» Exercise objective
Return only the final portion of the entries: the line with "Some of the words" and every line after it, each one exact.

» Spatial localization data
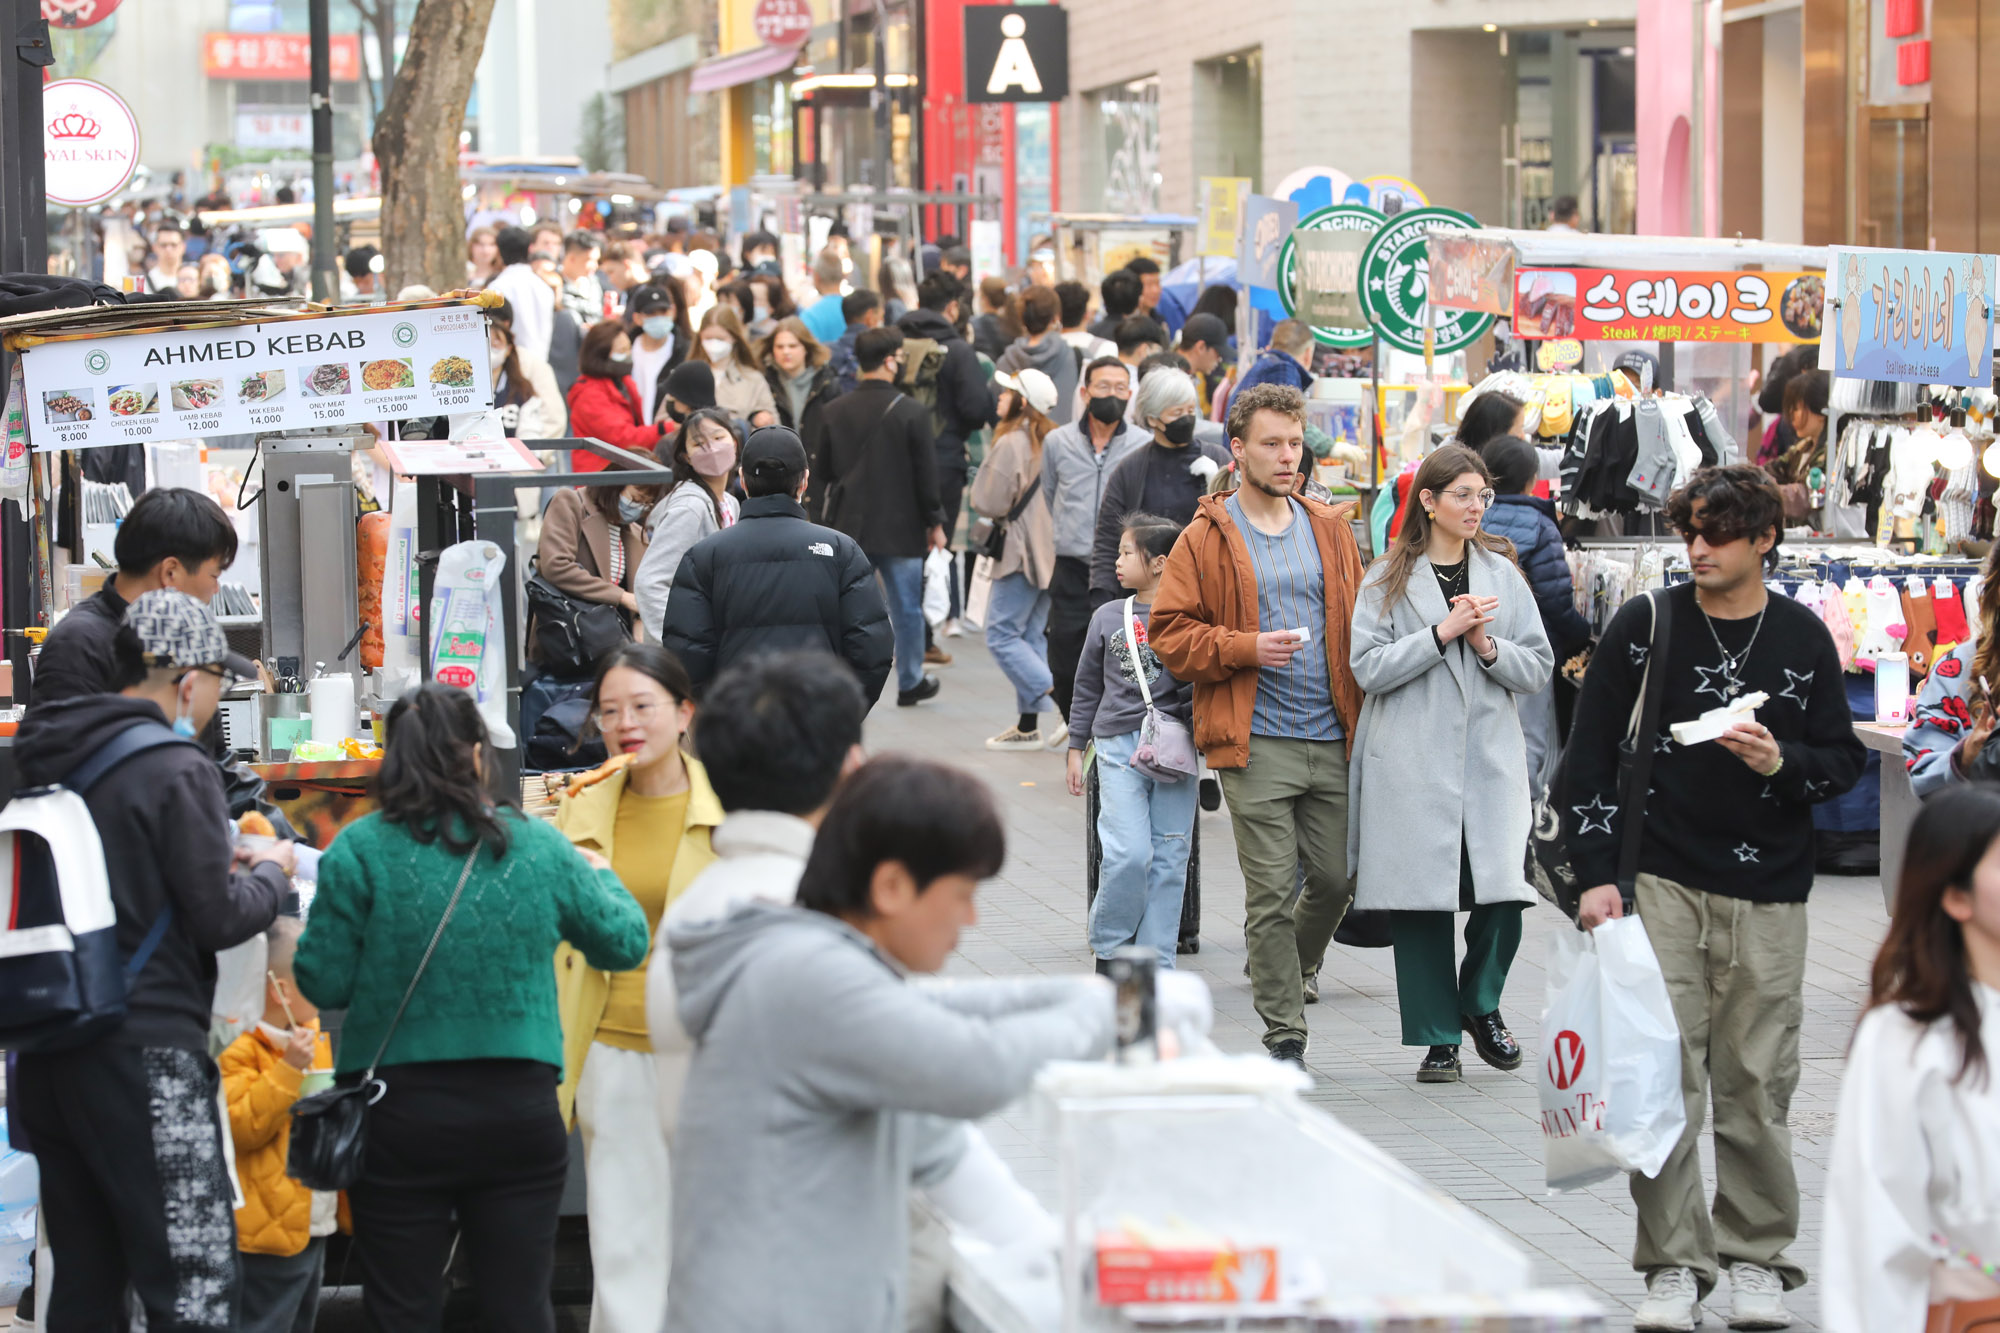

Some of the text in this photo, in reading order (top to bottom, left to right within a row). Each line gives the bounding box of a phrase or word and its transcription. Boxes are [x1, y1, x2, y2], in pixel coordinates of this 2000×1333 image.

[44, 149, 127, 161] YAL SKIN
[1582, 273, 1774, 324] 스테이크
[1872, 265, 1955, 352] 가리비네
[1602, 325, 1638, 340] Steak
[1695, 325, 1751, 340] ステーキ
[144, 339, 256, 367] AHMED
[267, 330, 366, 356] KEBAB
[1885, 360, 1940, 379] Scallops and cheese
[432, 387, 476, 398] LAMB BIRYANI
[364, 393, 418, 405] CHICKEN BIRYANI
[438, 395, 470, 406] 18.000
[309, 400, 346, 410] ONLY MEAT
[377, 402, 408, 413] 15.000
[179, 411, 223, 422] LAMB KEBAB
[314, 408, 345, 419] 15.000
[111, 417, 159, 428] CHICKEN KEBAB
[250, 414, 282, 425] 14.000
[52, 423, 90, 433] LAMB STICK
[188, 420, 219, 431] 12.000
[61, 432, 88, 442] 8.000
[124, 426, 152, 437] 10.000
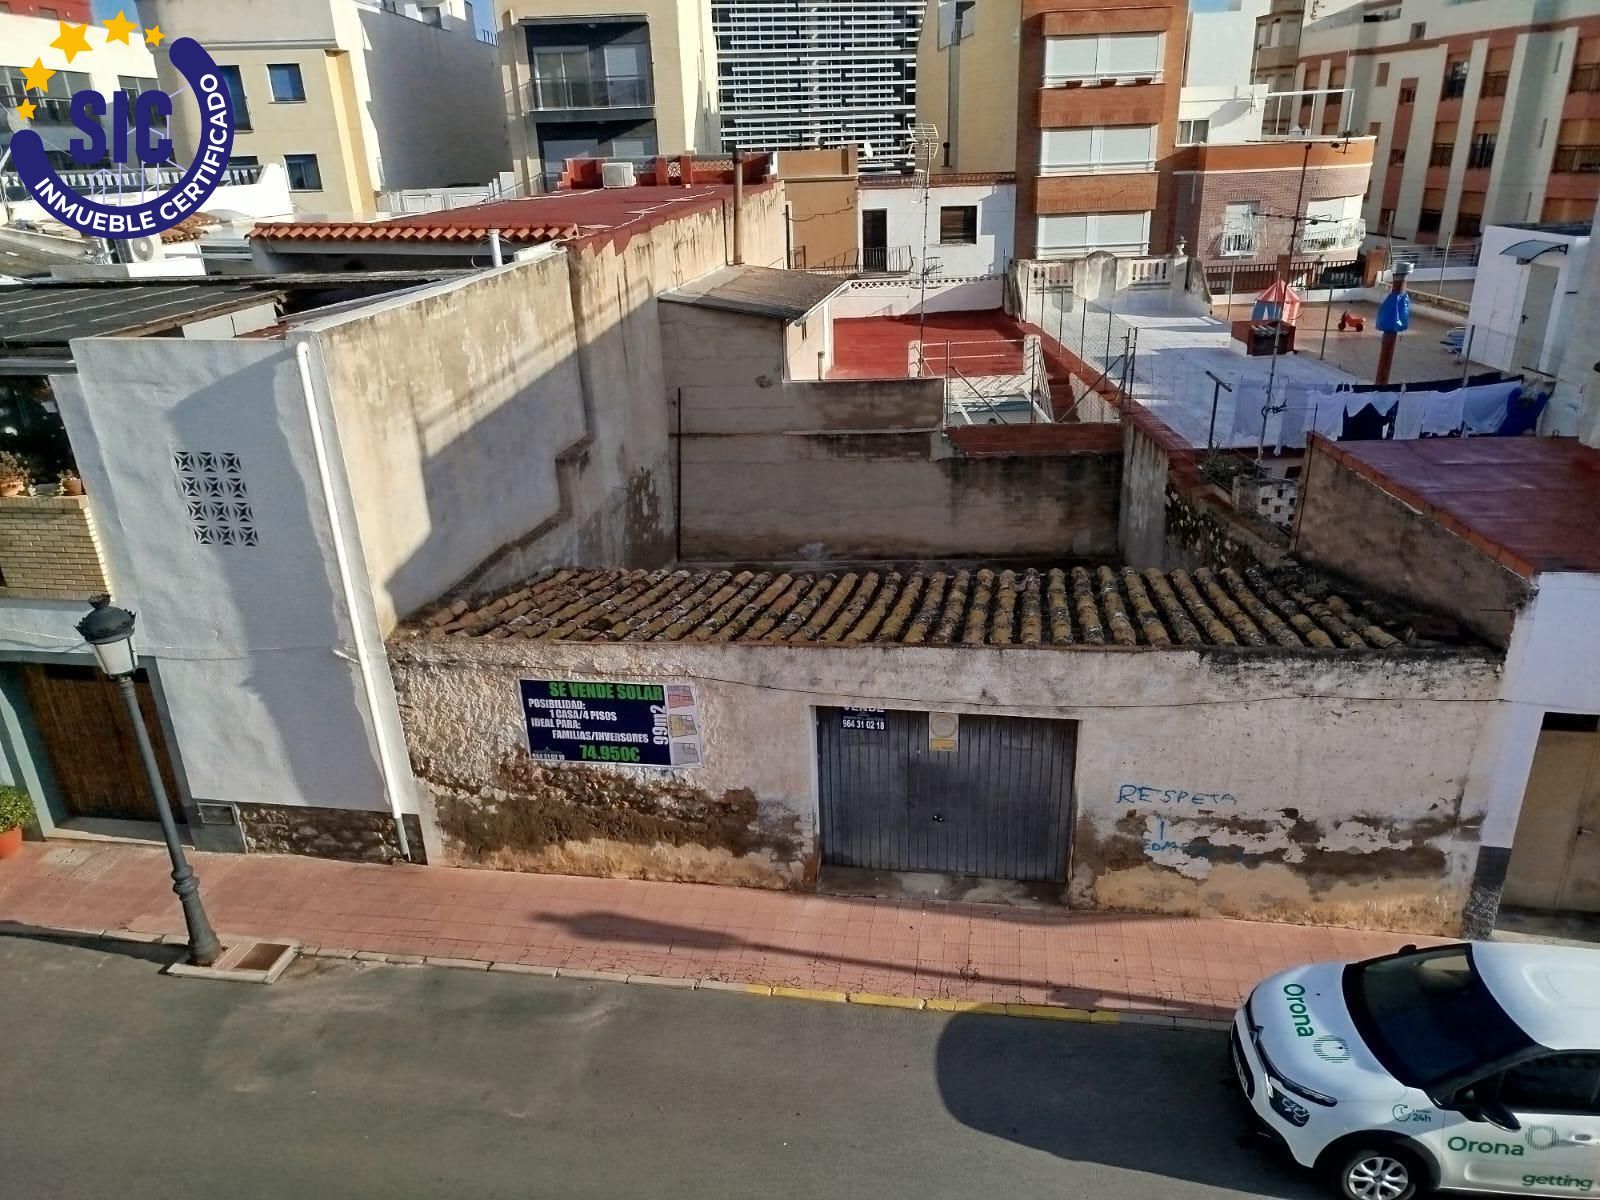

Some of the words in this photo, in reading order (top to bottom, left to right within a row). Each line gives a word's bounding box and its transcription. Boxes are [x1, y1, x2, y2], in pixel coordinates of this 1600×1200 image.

[549, 682, 567, 697] SE
[569, 683, 615, 699] VENDE
[616, 685, 664, 701] SOLAR
[528, 698, 586, 710] POSIBILIDAD:
[531, 717, 555, 728] IDEAL
[556, 719, 581, 729] PARA:
[550, 709, 555, 719] 1
[555, 709, 589, 720] CASA/4
[590, 710, 618, 721] PISOS
[650, 704, 669, 745] 99m2
[856, 720, 864, 729] 31
[866, 720, 875, 730] 02
[552, 729, 649, 744] FAMILIAS/INVERSORES
[579, 744, 640, 762] 74.950€
[1116, 784, 1237, 805] RESPETA
[1283, 983, 1314, 1037] Orona
[1412, 1113, 1432, 1122] 24h
[1447, 1136, 1525, 1156] Orona
[1522, 1174, 1593, 1191] getting

» Your response
Some of the words in this photo, in reading order (top to bottom, left to right within a row). Each line gives a word's bounding box and its transcription. Boxes are [x1, y1, x2, y2], in pixel coordinates of this 1600×1200 image.

[549, 682, 567, 697] SE
[569, 683, 615, 699] VENDE
[616, 685, 664, 701] SOLAR
[528, 698, 586, 710] POSIBILIDAD:
[531, 717, 555, 728] IDEAL
[556, 719, 581, 729] PARA:
[550, 709, 555, 719] 1
[555, 709, 589, 720] CASA/4
[590, 710, 618, 721] PISOS
[650, 704, 669, 745] 99m2
[856, 720, 864, 729] 31
[866, 720, 875, 730] 02
[552, 729, 649, 744] FAMILIAS/INVERSORES
[579, 744, 640, 762] 74.950€
[1116, 784, 1237, 805] RESPETA
[1283, 983, 1314, 1037] Orona
[1412, 1113, 1432, 1122] 24h
[1447, 1136, 1525, 1156] Orona
[1522, 1174, 1593, 1191] getting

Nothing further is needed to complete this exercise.